Line for line, return the data exactly, omitting all pictures.

--*--

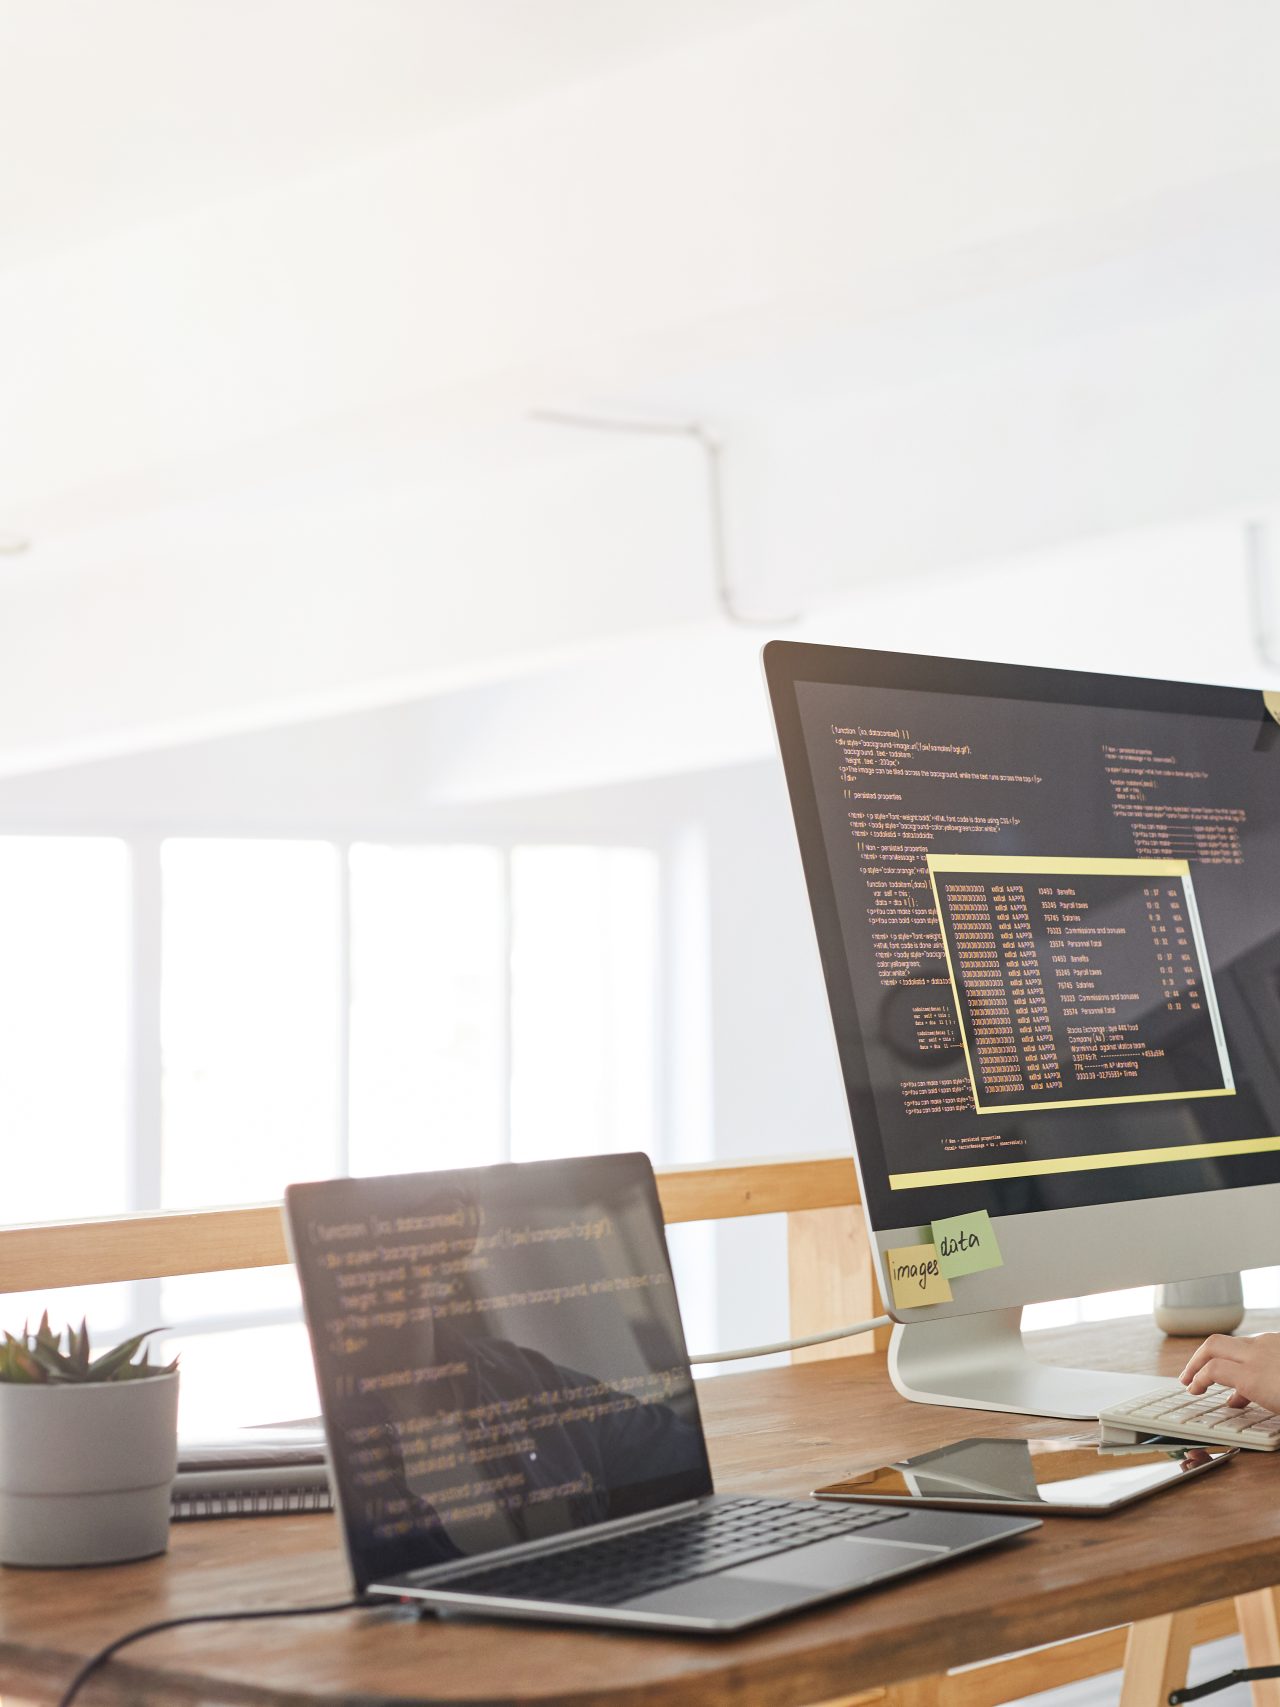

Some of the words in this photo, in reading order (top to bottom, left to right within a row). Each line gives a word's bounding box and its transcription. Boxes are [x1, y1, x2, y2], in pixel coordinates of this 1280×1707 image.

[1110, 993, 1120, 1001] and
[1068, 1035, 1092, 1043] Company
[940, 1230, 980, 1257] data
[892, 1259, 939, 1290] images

--*--

EXERCISE ANSWER ->
Some of the words in this photo, in reading order (top to bottom, left to right within a row). Each line gives a word's bounding box and its transcription. Boxes are [x1, y1, x2, y2], in pixel coordinates of this 1280×1707 image.

[1110, 993, 1120, 1001] and
[1068, 1035, 1092, 1043] Company
[940, 1230, 980, 1257] data
[892, 1259, 939, 1290] images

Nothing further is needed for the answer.